Denn noch im März hatte Schröter sich für eine Abschiebung der Familie ausgesprochen, obwohl die Härtefallkommission des Landes für ein Bleiberecht votiert hatte – die Flüchtlingsberatungsstelle des Diakonischen Werks Potsdam hatte den Fall dort eingebracht. Dass der Minister das Votum der Kommission überging, hatte damals für heftige Kritik gesorgt. Die Unterstützer der Familie – allen voran das Stadtteilnetzwerk Potsdam-West und die Trainer einer interkulturellen Breakdance-Gruppe, in der Sohn Vukain tanzt – verfassten daraufhin einen öffentlichen Brief, in dem sie den Minister zum Umdenken aufforderten. Das ist nun offenbar geschehen.
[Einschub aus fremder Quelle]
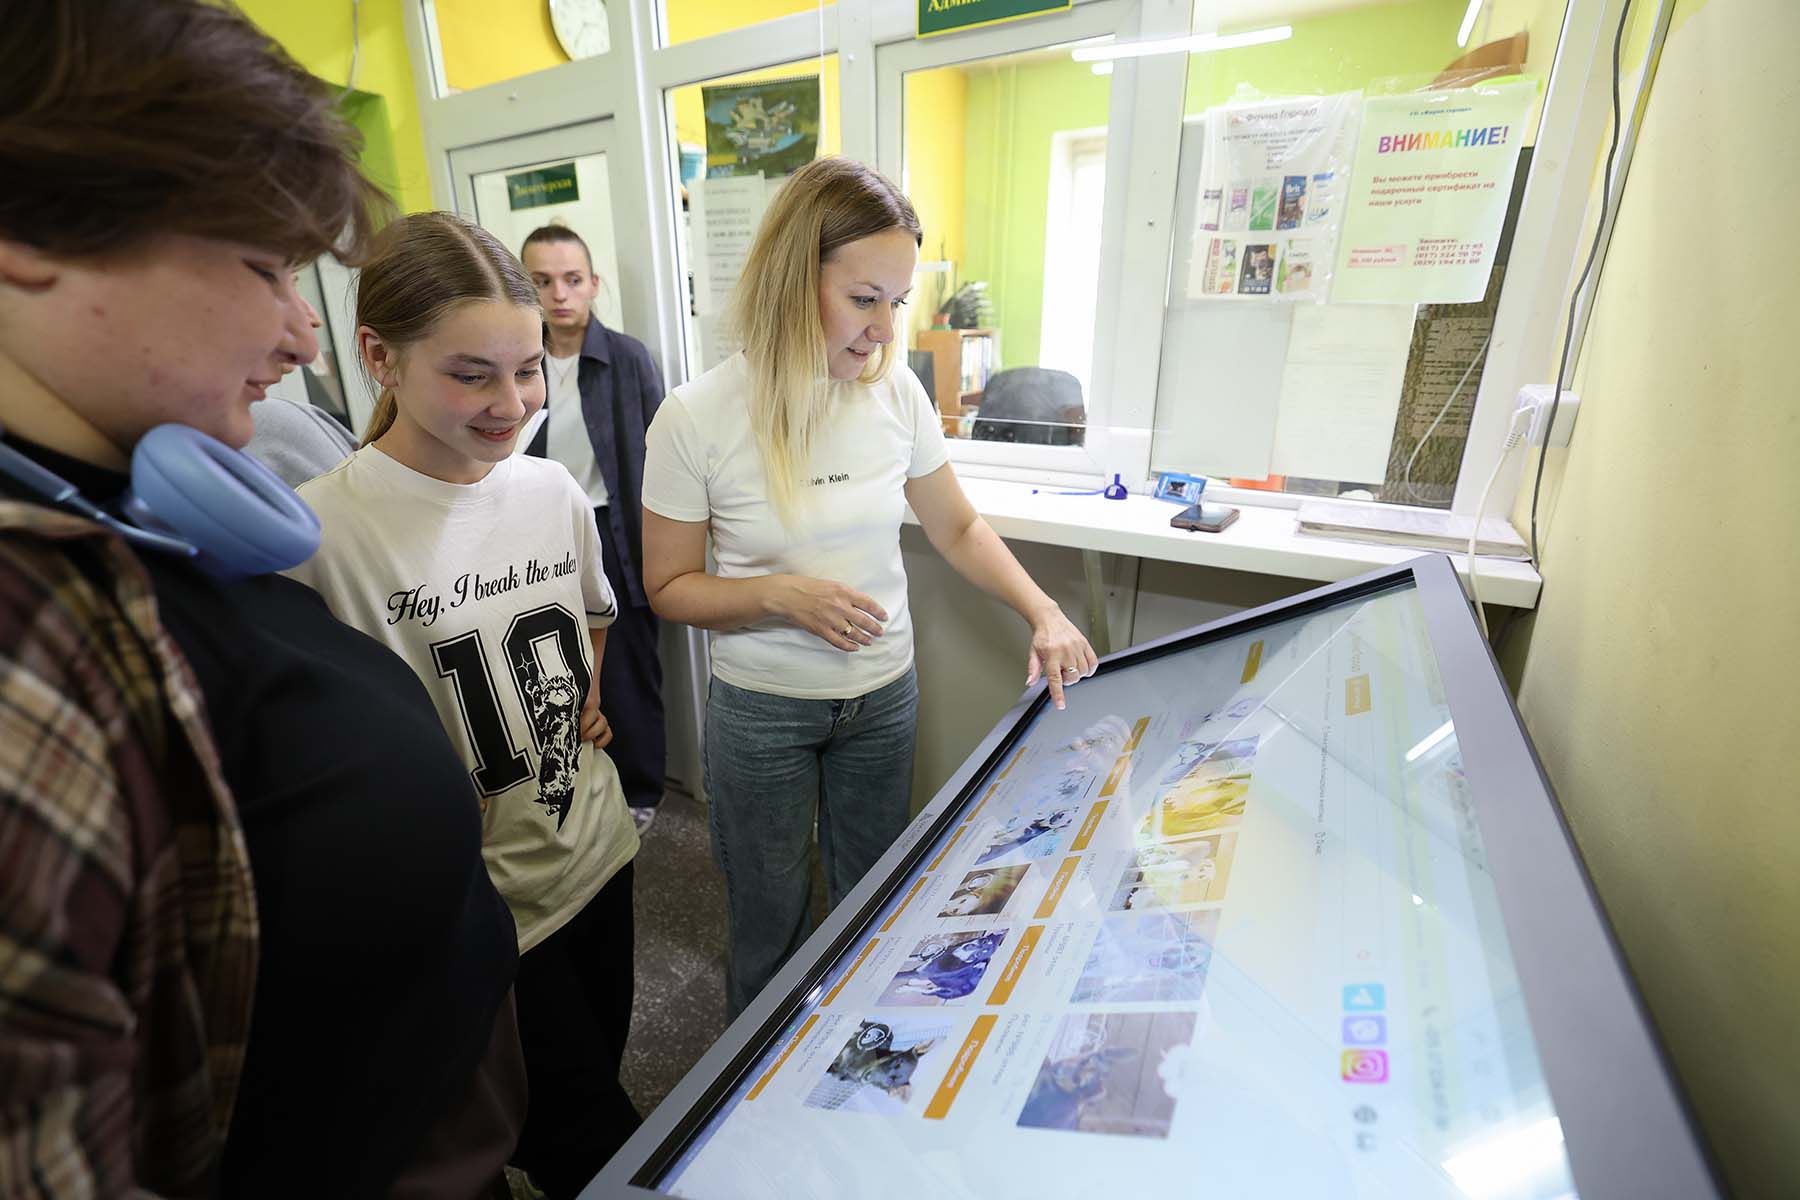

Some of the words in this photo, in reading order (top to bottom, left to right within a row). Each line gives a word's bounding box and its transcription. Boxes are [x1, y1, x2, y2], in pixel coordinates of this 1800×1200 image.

Erst vor einigen Tagen hatten die Familie und ihre Unterstützer einen Rückschlag im Kampf um das Bleiberecht erlitten. Bei der Ausländerbehörde der Stadt hatten sie einen Antrag gestellt, auf die Abschiebung zu verzichten. Doch dies hatte die Behörde nicht vor: In einem Schreiben, das die Familie am Freitag erreichte, hieß es, die Brkics seien nicht ausreichend integriert und verwurzelt in der Stadt. Dass der Vater einen Vollzeitjob hat, die Familie in der Nachbarschaft bestens vernetzt und Vukain, genannt Vule, eine Art Star der örtlichen Breakdance-Gruppe ist, interessierte offenbar nicht. Doch nun wurde der Stadt die Entscheidung ohnehin abgenommen. Am Mittwoch erreichte die Verwaltung eine Anordnung aus dem Innenministerium mit der Aufforderung, der Familie eine Aufenthaltserlaubnis für zwei Jahre zu erteilen. Gebunden ist diese Erlaubnis an einige Bedingungen, zum Beispiel müssen die Brkics allein für ihren Lebensunterhalt aufkommen und Deutschkenntnisse nachweisen.
„Diese Familie soll in Deutschland eine faire Chance erhalten, sich ein neues und besseres Leben aufzubauen“, teilte Schröter zur Begründung seiner Entscheidung mit. „Mein Eindruck ist, wir haben es mit ehrlichen Leuten zu tun, die sich nachweisbar bemühen, sich in Deutschland durch eigene Anstrengung und Arbeit möglichst schnell gut zu integrieren. Dabei haben sie bereits viel erreicht, an Integrationsbereitschaft mangelt es hier nicht.“ Das wolle er mit seiner Entscheidung würdigen und anerkennen. Er betonte aber zugleich, dass es sich um eine „strikte Einzelfallentscheidung“ handele. Warum der Minister gerade jetzt seine Entscheidung bekannt gab, darüber lässt sich nur spekulieren. Womöglich wollte er sich unangenehme Fragen der Härtefallkommission ersparen, die er nach PNN-Informationen am heutigen Donnerstag besucht.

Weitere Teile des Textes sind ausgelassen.